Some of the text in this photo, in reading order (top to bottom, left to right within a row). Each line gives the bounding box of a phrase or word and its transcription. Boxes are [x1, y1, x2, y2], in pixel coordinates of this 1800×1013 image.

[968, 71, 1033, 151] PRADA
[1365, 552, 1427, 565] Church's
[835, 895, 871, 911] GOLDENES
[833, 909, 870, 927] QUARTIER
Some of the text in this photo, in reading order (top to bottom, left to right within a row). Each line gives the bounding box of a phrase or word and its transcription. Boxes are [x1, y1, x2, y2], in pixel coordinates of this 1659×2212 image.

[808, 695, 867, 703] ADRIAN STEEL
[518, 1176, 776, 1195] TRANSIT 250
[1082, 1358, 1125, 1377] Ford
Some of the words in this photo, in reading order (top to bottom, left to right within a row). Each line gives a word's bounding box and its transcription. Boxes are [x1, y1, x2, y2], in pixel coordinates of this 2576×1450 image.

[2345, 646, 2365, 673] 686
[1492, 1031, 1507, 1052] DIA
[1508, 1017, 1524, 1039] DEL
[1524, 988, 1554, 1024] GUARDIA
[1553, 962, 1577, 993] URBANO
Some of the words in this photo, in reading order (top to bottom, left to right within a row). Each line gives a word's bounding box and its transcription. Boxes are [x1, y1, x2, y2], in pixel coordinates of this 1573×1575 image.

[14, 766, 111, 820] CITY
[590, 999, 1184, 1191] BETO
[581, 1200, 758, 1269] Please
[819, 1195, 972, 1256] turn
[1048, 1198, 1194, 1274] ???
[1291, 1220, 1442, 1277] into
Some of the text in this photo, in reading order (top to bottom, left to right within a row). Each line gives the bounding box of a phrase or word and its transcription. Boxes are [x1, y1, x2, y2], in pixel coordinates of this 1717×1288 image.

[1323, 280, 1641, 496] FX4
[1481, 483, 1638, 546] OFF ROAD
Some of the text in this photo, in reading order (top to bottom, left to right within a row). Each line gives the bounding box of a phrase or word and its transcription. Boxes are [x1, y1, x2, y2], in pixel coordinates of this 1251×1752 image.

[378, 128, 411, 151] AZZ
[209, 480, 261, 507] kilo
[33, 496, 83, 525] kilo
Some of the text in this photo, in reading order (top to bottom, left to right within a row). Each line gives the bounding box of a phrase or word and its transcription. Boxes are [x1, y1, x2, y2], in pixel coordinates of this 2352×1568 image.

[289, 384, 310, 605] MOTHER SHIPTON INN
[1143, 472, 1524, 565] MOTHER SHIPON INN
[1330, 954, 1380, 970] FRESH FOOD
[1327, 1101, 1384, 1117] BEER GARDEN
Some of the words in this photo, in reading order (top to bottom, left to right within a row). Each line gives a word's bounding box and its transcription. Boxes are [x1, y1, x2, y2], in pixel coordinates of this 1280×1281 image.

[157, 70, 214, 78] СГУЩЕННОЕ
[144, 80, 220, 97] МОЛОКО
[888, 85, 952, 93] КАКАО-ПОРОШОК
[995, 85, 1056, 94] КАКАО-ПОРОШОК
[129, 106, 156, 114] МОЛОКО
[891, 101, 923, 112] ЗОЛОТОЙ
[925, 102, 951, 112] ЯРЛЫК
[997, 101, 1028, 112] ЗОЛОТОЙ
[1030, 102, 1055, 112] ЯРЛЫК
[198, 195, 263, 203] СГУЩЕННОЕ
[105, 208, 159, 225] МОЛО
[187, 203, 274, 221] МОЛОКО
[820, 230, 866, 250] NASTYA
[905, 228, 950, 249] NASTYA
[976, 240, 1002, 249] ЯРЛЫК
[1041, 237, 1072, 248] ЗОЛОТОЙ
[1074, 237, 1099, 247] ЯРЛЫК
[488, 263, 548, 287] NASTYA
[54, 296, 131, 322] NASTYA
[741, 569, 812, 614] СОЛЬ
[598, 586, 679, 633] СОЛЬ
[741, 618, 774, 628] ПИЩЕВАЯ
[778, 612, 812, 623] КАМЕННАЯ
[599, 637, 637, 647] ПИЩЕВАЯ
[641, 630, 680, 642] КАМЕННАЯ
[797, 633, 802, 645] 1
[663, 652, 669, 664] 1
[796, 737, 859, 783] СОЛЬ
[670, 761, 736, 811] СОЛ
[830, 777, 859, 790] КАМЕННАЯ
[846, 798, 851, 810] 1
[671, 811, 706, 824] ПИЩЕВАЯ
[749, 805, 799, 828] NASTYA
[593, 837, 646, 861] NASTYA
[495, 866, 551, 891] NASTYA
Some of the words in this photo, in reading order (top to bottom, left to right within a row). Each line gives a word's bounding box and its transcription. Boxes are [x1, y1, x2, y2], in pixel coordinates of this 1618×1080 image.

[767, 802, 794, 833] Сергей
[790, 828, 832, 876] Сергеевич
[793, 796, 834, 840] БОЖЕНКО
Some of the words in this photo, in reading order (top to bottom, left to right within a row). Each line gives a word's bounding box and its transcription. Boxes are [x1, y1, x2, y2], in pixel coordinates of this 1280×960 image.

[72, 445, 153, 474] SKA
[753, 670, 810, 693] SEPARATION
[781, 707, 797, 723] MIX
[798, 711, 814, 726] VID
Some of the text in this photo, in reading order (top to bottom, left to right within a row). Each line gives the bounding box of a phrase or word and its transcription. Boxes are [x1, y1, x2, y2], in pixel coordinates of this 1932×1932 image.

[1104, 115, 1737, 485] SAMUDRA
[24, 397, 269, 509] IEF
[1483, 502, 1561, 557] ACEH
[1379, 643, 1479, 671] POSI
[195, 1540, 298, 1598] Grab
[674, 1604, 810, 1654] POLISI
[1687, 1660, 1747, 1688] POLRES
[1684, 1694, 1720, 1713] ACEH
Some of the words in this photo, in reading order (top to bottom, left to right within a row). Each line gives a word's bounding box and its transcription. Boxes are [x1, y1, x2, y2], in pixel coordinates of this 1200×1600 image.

* [Your task]:
Repeat the entries exactly as they appear.

* [Exercise response]:
Some of the text in this photo, in reading order (top to bottom, left to right within a row). Each line gives the bounding box of a phrase or word and its transcription. Boxes are [x1, y1, x2, y2], in pixel coordinates of this 1800×1013 image.

[968, 71, 1033, 151] PRADA
[1365, 552, 1427, 565] Church's
[835, 895, 871, 911] GOLDENES
[833, 909, 870, 927] QUARTIER
Some of the text in this photo, in reading order (top to bottom, left to right within a row). Each line gives the bounding box of a phrase or word and its transcription. Boxes are [x1, y1, x2, y2], in pixel coordinates of this 1659×2212 image.

[808, 695, 867, 703] ADRIAN STEEL
[518, 1176, 776, 1195] TRANSIT 250
[1082, 1358, 1125, 1377] Ford
Some of the words in this photo, in reading order (top to bottom, left to right within a row). Each line gives a word's bounding box and its transcription. Boxes are [x1, y1, x2, y2], in pixel coordinates of this 2576×1450 image.

[2345, 646, 2365, 673] 686
[1492, 1031, 1507, 1052] DIA
[1508, 1017, 1524, 1039] DEL
[1524, 988, 1554, 1024] GUARDIA
[1553, 962, 1577, 993] URBANO
Some of the words in this photo, in reading order (top to bottom, left to right within a row). Each line gives a word's bounding box and its transcription. Boxes are [x1, y1, x2, y2], in pixel coordinates of this 1573×1575 image.

[14, 766, 111, 820] CITY
[590, 999, 1184, 1191] BETO
[581, 1200, 758, 1269] Please
[819, 1195, 972, 1256] turn
[1048, 1198, 1194, 1274] ???
[1291, 1220, 1442, 1277] into
Some of the text in this photo, in reading order (top to bottom, left to right within a row). Each line gives the bounding box of a phrase or word and its transcription. Boxes are [x1, y1, x2, y2], in pixel coordinates of this 1717×1288 image.

[1323, 280, 1641, 496] FX4
[1481, 483, 1638, 546] OFF ROAD
Some of the text in this photo, in reading order (top to bottom, left to right within a row). Each line gives the bounding box of a phrase or word and its transcription. Boxes are [x1, y1, x2, y2], in pixel coordinates of this 1251×1752 image.

[378, 128, 411, 151] AZZ
[209, 480, 261, 507] kilo
[33, 496, 83, 525] kilo
Some of the text in this photo, in reading order (top to bottom, left to right within a row). Each line gives the bounding box of a phrase or word and its transcription. Boxes are [x1, y1, x2, y2], in pixel coordinates of this 2352×1568 image.

[289, 384, 310, 605] MOTHER SHIPTON INN
[1143, 472, 1524, 565] MOTHER SHIPON INN
[1330, 954, 1380, 970] FRESH FOOD
[1327, 1101, 1384, 1117] BEER GARDEN
Some of the words in this photo, in reading order (top to bottom, left to right within a row). Each line gives a word's bounding box and its transcription. Boxes are [x1, y1, x2, y2], in pixel coordinates of this 1280×1281 image.

[157, 70, 214, 78] СГУЩЕННОЕ
[144, 80, 220, 97] МОЛОКО
[888, 85, 952, 93] КАКАО-ПОРОШОК
[995, 85, 1056, 94] КАКАО-ПОРОШОК
[129, 106, 156, 114] МОЛОКО
[891, 101, 923, 112] ЗОЛОТОЙ
[925, 102, 951, 112] ЯРЛЫК
[997, 101, 1028, 112] ЗОЛОТОЙ
[1030, 102, 1055, 112] ЯРЛЫК
[198, 195, 263, 203] СГУЩЕННОЕ
[105, 208, 159, 225] МОЛО
[187, 203, 274, 221] МОЛОКО
[820, 230, 866, 250] NASTYA
[905, 228, 950, 249] NASTYA
[976, 240, 1002, 249] ЯРЛЫК
[1041, 237, 1072, 248] ЗОЛОТОЙ
[1074, 237, 1099, 247] ЯРЛЫК
[488, 263, 548, 287] NASTYA
[54, 296, 131, 322] NASTYA
[741, 569, 812, 614] СОЛЬ
[598, 586, 679, 633] СОЛЬ
[741, 618, 774, 628] ПИЩЕВАЯ
[778, 612, 812, 623] КАМЕННАЯ
[599, 637, 637, 647] ПИЩЕВАЯ
[641, 630, 680, 642] КАМЕННАЯ
[797, 633, 802, 645] 1
[663, 652, 669, 664] 1
[796, 737, 859, 783] СОЛЬ
[670, 761, 736, 811] СОЛ
[830, 777, 859, 790] КАМЕННАЯ
[846, 798, 851, 810] 1
[671, 811, 706, 824] ПИЩЕВАЯ
[749, 805, 799, 828] NASTYA
[593, 837, 646, 861] NASTYA
[495, 866, 551, 891] NASTYA
Some of the words in this photo, in reading order (top to bottom, left to right within a row). Each line gives a word's bounding box and its transcription. Boxes are [x1, y1, x2, y2], in pixel coordinates of this 1618×1080 image.

[767, 802, 794, 833] Сергей
[790, 828, 832, 876] Сергеевич
[793, 796, 834, 840] БОЖЕНКО
Some of the words in this photo, in reading order (top to bottom, left to right within a row). Each line gives a word's bounding box and its transcription. Boxes are [x1, y1, x2, y2], in pixel coordinates of this 1280×960 image.

[72, 445, 153, 474] SKA
[753, 670, 810, 693] SEPARATION
[781, 707, 797, 723] MIX
[798, 711, 814, 726] VID
Some of the text in this photo, in reading order (top to bottom, left to right within a row). Each line gives the bounding box of a phrase or word and its transcription. Boxes are [x1, y1, x2, y2], in pixel coordinates of this 1932×1932 image.

[1104, 115, 1737, 485] SAMUDRA
[24, 397, 269, 509] IEF
[1483, 502, 1561, 557] ACEH
[1379, 643, 1479, 671] POSI
[195, 1540, 298, 1598] Grab
[674, 1604, 810, 1654] POLISI
[1687, 1660, 1747, 1688] POLRES
[1684, 1694, 1720, 1713] ACEH
Some of the words in this photo, in reading order (top to bottom, left to right within a row). Each line gives a word's bounding box and its transcription. Boxes are [x1, y1, x2, y2], in pixel coordinates of this 1200×1600 image.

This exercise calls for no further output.